Climate change is the long-term alteration of temperature and normal weather patterns in a place. This could refer to a particular location or the planet as a whole. Climate change is currently occurring throughout the world as a result of global warming. Global warming is an increase in the planet’s overall temperature due to the burning of fossil fuels, such as natural gas, oil, and coal. Burning these materials releases certain gases into Earth’s atmosphere. These gases trap the heat from the Sun’s rays inside the atmosphere, causing Earth’s average temperature to rise.

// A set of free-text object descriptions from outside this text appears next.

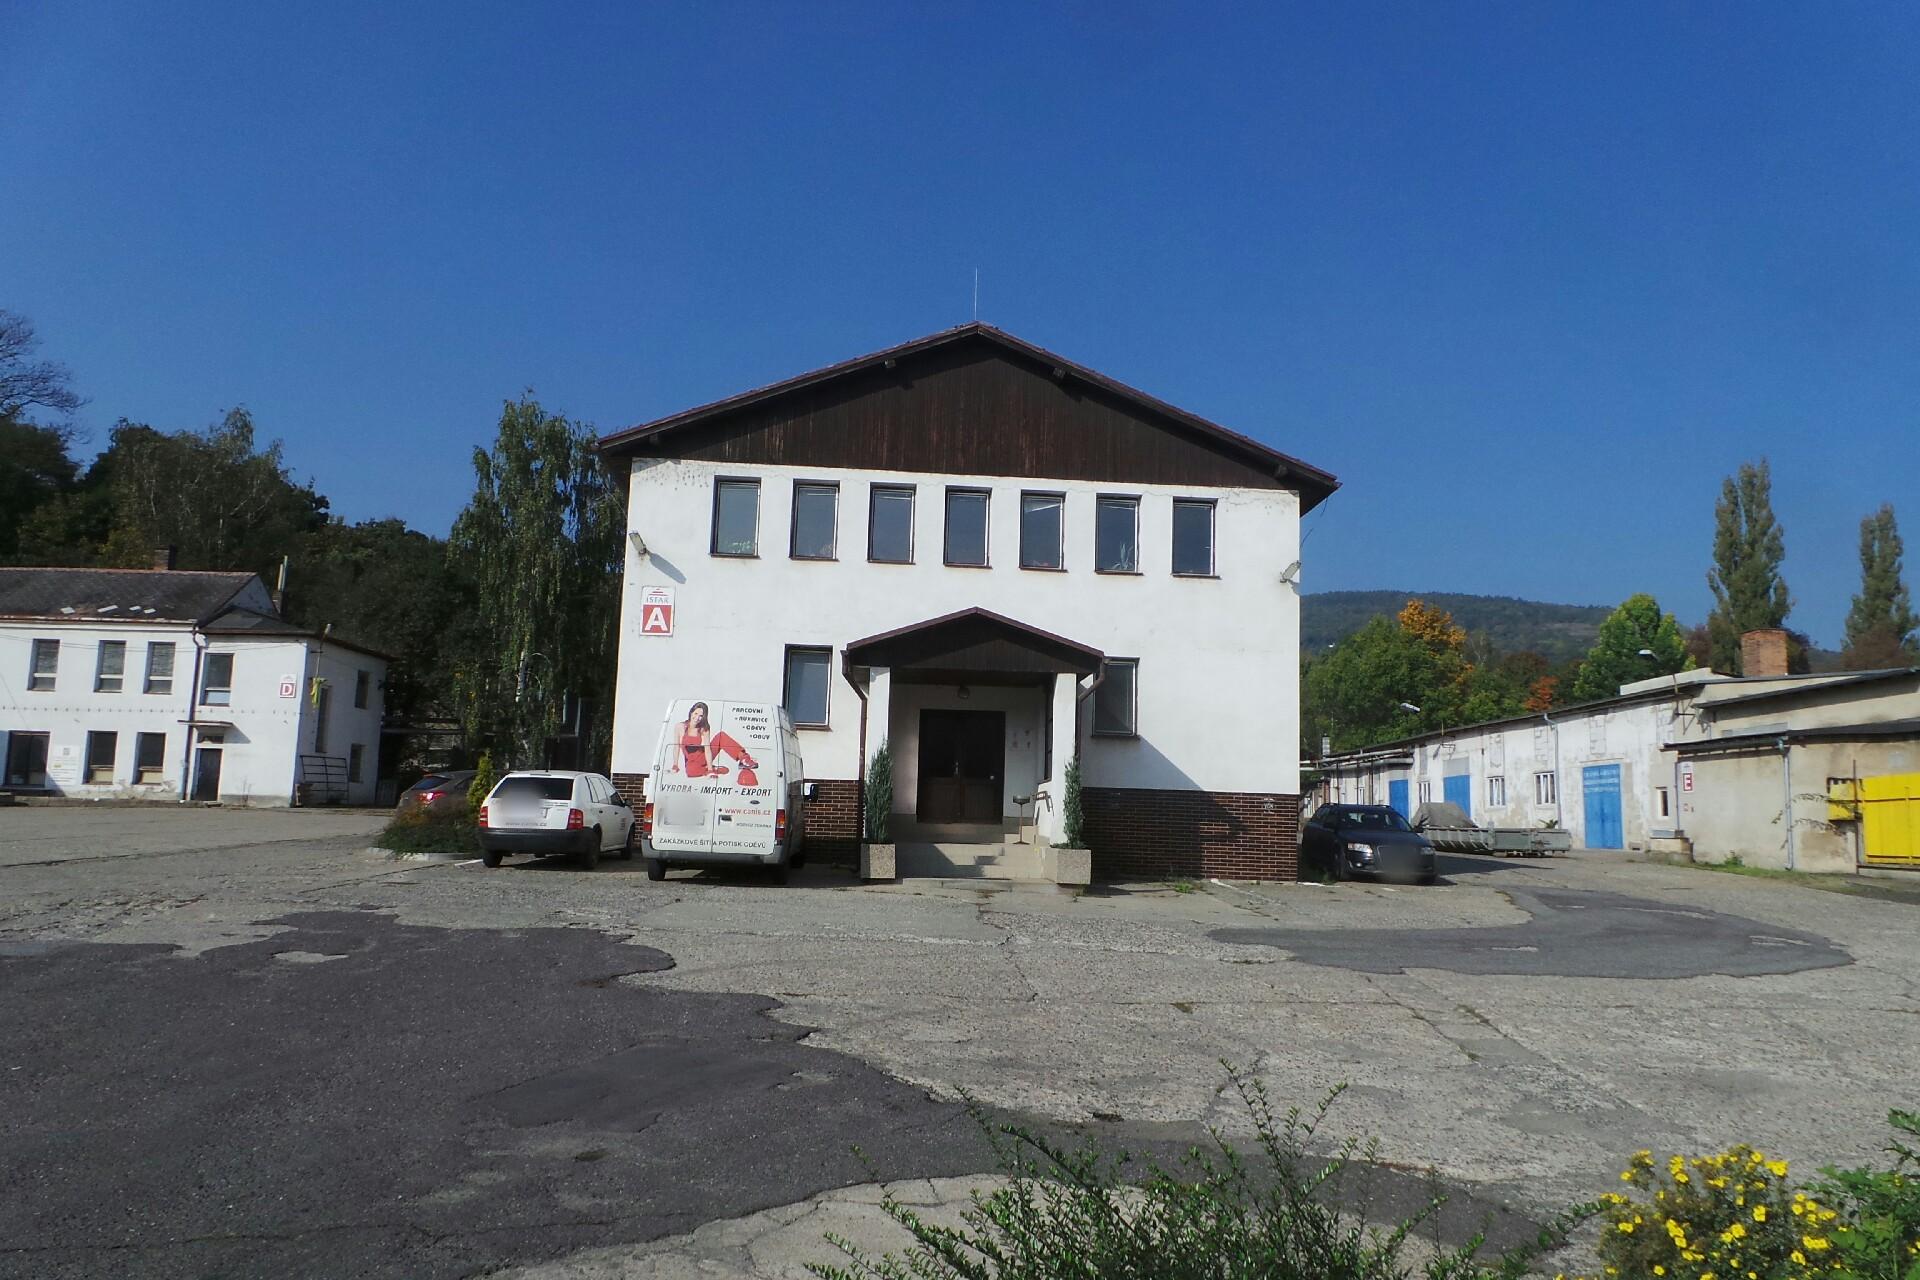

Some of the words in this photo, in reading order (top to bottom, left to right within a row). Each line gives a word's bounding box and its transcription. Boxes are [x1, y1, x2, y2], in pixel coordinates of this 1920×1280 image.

[644, 607, 668, 631] A
[282, 683, 293, 695] D
[1683, 773, 1692, 790] E
[700, 786, 733, 795] IMPORT
[741, 788, 772, 797] EXPORT
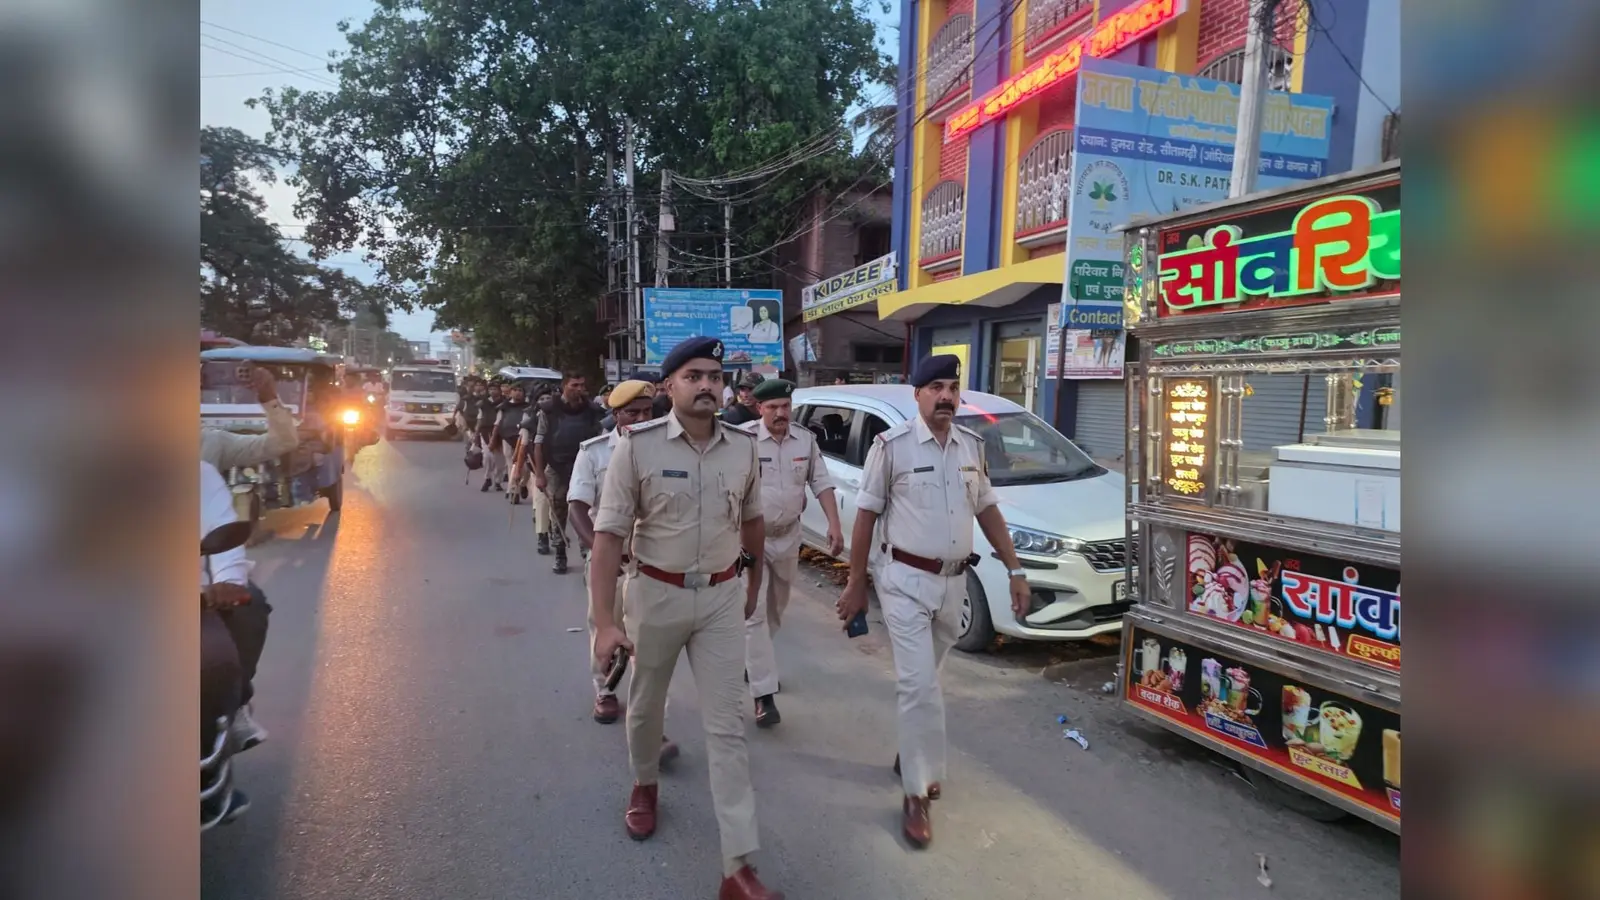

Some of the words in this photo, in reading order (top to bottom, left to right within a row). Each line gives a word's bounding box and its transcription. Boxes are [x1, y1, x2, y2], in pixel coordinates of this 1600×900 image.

[1273, 156, 1285, 170] के
[1157, 170, 1176, 184] DR.
[1180, 172, 1201, 187] S.K.
[1204, 175, 1231, 191] PATH
[1074, 262, 1109, 277] परिवार
[1112, 263, 1124, 278] नि
[812, 262, 882, 302] KIDZEE
[1085, 281, 1100, 296] एवं
[1069, 308, 1122, 325] Contact
[1281, 566, 1400, 640] सांव

Millions took to the streets around the world. Many of the leaders of many local marches were young people. They were inspired by Greta Thunberg, a sixteen-year-old Swede young woman, who has even called Congress to listen to the science.
It is, as she points out, their future that adults are mucking up. And it is her actions that inspired millions around the world to go on a climate strike.
In San Diego there were multiple events. I knew the one in downtown would be well attended, and likely covered by local media. It is the logistics. So I decided to go to the one organized by Vanessa Cascante, President of the Mission Bay High School Eco Club.
She told the crowd “It is my civic duty to address the climate change as what it should be.” She continued, “we are on the streets today because our leaders have failed to recognize that climate change is real.”
She also pointed out that “over ninety seven percent of scientists agree.” She added, that we have between eleven and twelve years. In reality this is a very short timeline, but if we do not act, she, and many of her classmates are aware. This would be very bad news for her generation, and the rest of us.
Later on Cascante and other members of the club were given recognitions by the staff of Councilmember Jennifer Campbell, District Two.
The American Federation of Teachers, Local 1931 presentative Yasmeen Obeid also spoke at the event. She is a Palestinian-American and addressed a critical point about the climate emergency. This is how it intersects with climate justice.
“It’s enough, we need to take action today…moving forwards needs to start now.” This was a common sense of urgency from speakers and attendees, that we were late, and could be seen with the signs many carried.
Obeid then turned to the local officials present, most Nathan Fletcher of the County of San Diego, as well as Tasha Williamson who is running for office. She told them, “We can stand all day and push for things, but if it’s not transferred into policy work, then it’s not going to make any change.” She also told them to “stop wasting our time and our lives.”
She added, “climate change does affect every one of us. However, it affects low-income communities on a much larger basis.” This issue of economic and environmental justice is largely ignored. It was refreshing to hear somebody addressing it, and asking people to put people of color at the front.
When Fletcher addressed the crowd, he reminded them that the sixteen-year-olds in the crowd should pre-register to vote. He also told the rest that if they were old enough, vote to get people into office that believe we need the change.
Matt Costa was one of the two experts speaking. He is a recent PhD specializing in marshes, and he spoke as to how they are a carbon sink. In the process, they pull carbon off the atmosphere, and as the vegetation dies, it sinks to the bottom. Over the process of millions of years this is how oil and carbon fields were formed. “The reason we are facing the climate crisis today is we have dug out that carbon and burned it just over a few hundred years.”
“We are exiting millions of years of stored carbon,” he added.
There is a thing about natural places that restore that carbon to the ground, such as the Kendall-Frost Marsh preserve. There is a fight to restore the marsh, and San Diego Camp Land, to a more natural setting. Partly, “coastal wetlands mitigate carbon pollution.”
With climate change and sea ocean rise, Costa reminded the crowd that we humans will “have to take a more active role,” to ensure they keep doing that. The city council is starting to revise the planning for Mission Bay, and it’s time to restore the wetlands of the bay. They will also help to reduce coastal flooding and allow life to diversity.
Editor’s note. We generally speaking do not run photos of minors, but today, the High School students led the way.